• **INPUT DATA**:
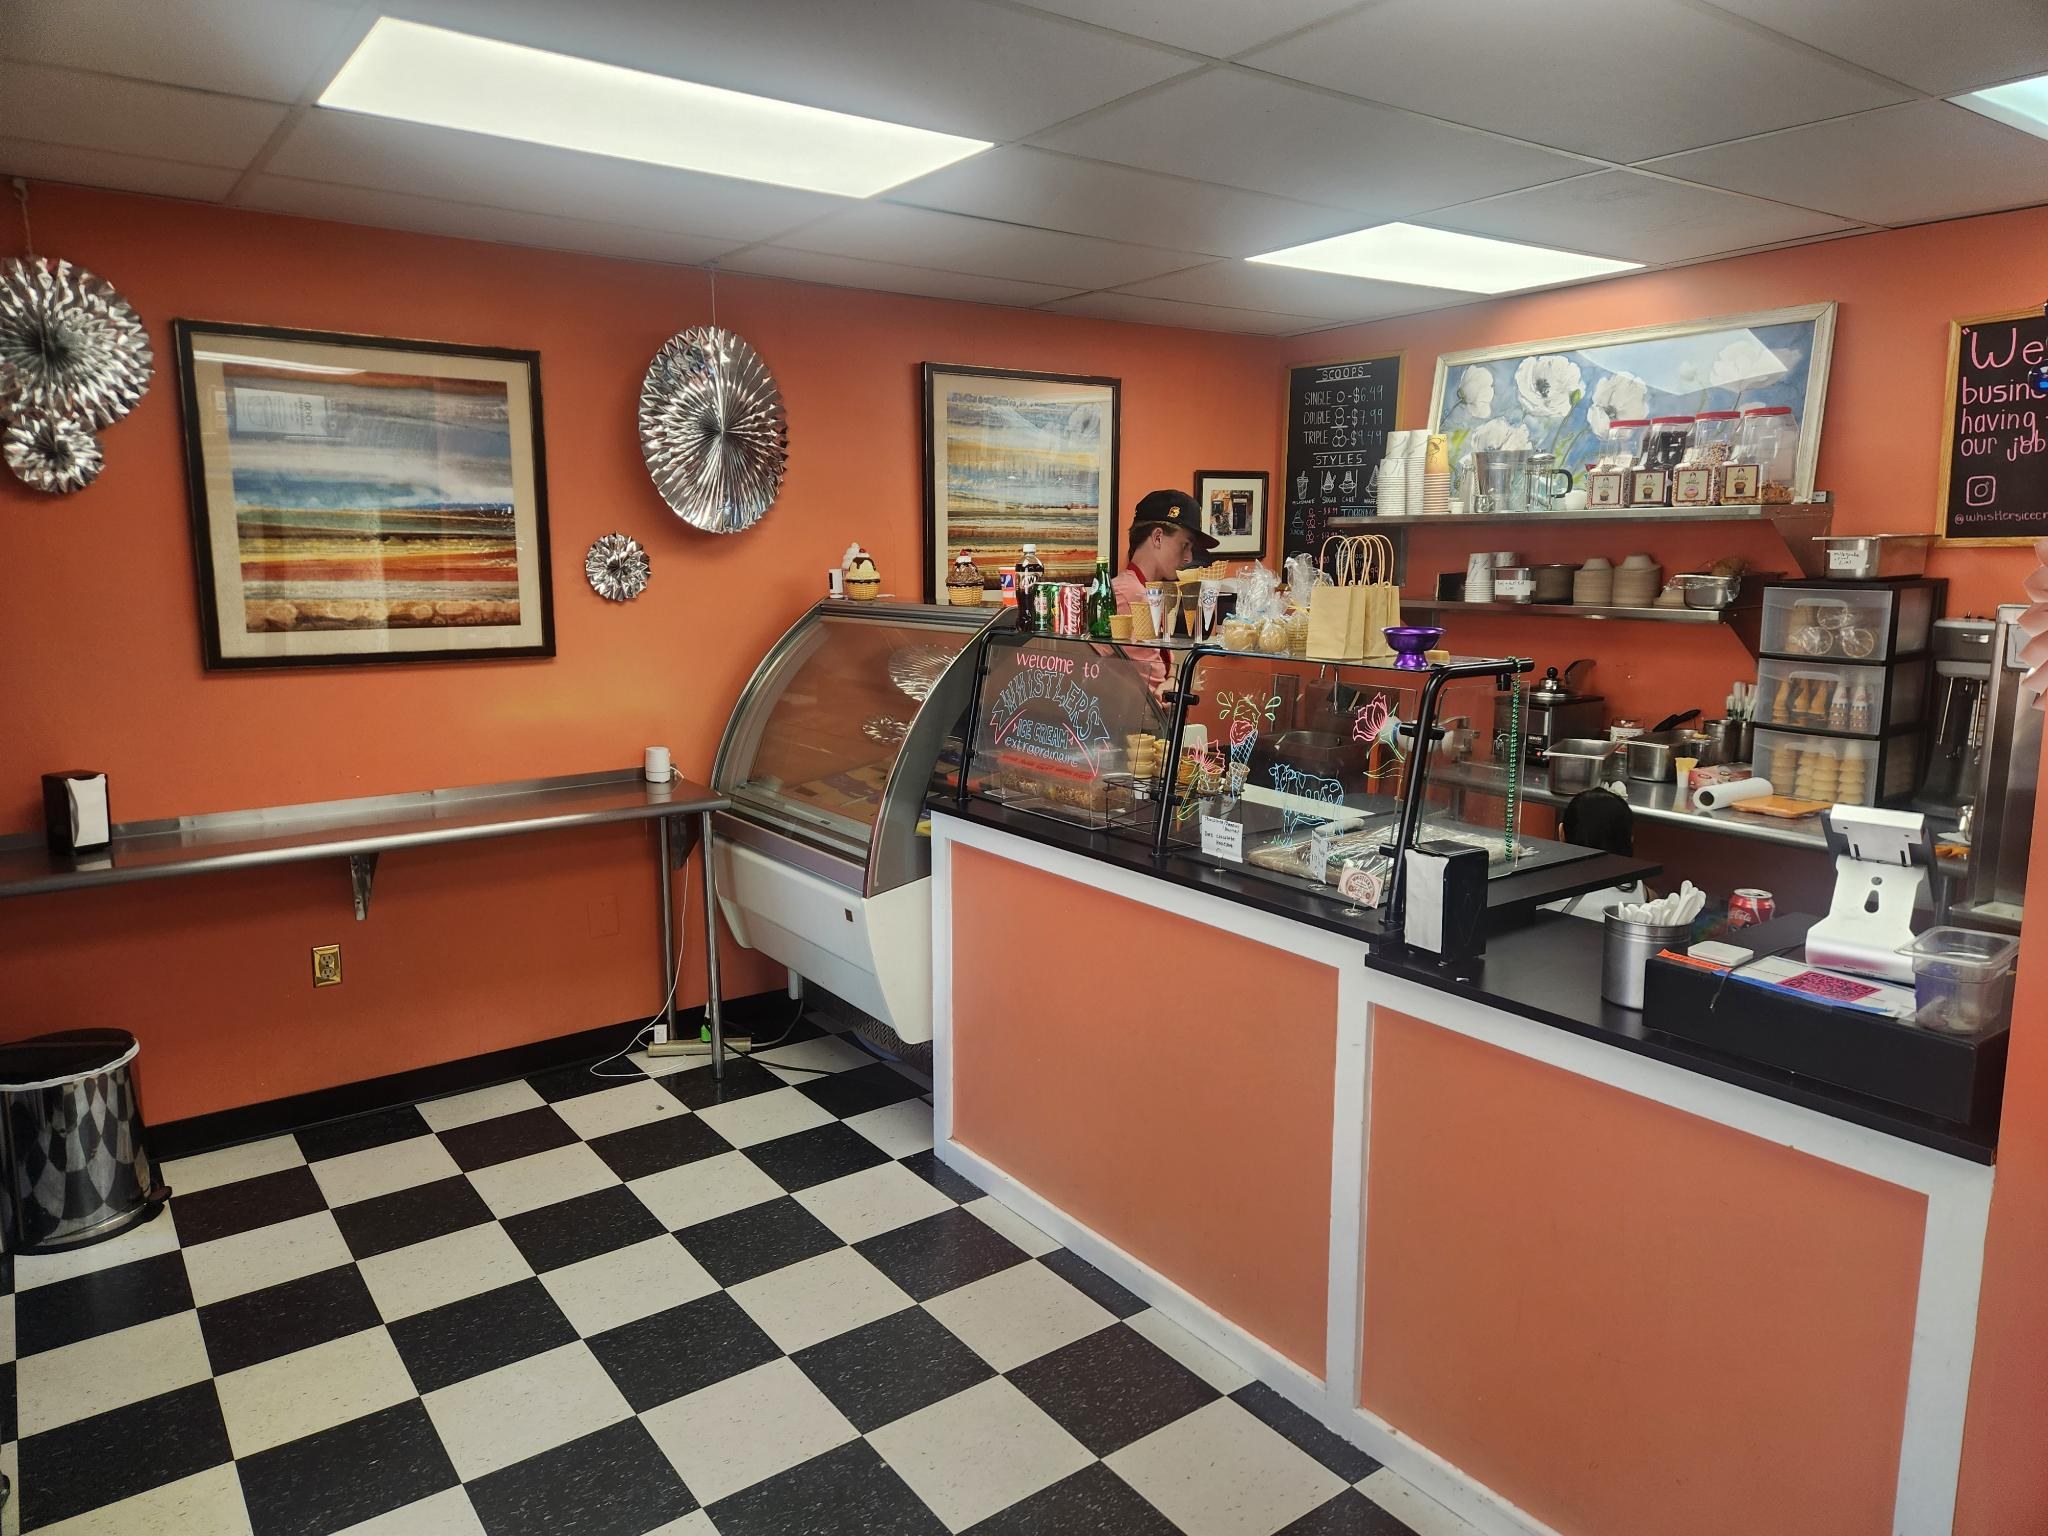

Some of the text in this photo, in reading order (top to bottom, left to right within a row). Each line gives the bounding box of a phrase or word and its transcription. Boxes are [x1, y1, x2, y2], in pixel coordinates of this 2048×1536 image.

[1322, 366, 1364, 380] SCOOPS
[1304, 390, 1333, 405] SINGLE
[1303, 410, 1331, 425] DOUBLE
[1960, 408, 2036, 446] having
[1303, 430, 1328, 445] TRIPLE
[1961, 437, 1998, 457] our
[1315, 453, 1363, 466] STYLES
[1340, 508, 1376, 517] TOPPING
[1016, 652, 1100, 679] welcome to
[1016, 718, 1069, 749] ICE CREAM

• **DIRECTIONS FOR THIS TASK**: Word for word, set down each record shown above, omitting the pictures.

• **EXERCISE RESPONSE**:
Some of the text in this photo, in reading order (top to bottom, left to right within a row). Each line gives the bounding box of a phrase or word and its transcription. Boxes are [x1, y1, x2, y2], in pixel coordinates of this 2048×1536 image.

[1322, 366, 1364, 380] SCOOPS
[1304, 390, 1333, 405] SINGLE
[1303, 410, 1331, 425] DOUBLE
[1960, 408, 2036, 446] having
[1303, 430, 1328, 445] TRIPLE
[1961, 437, 1998, 457] our
[1315, 453, 1363, 466] STYLES
[1340, 508, 1376, 517] TOPPING
[1016, 652, 1100, 679] welcome to
[1016, 718, 1069, 749] ICE CREAM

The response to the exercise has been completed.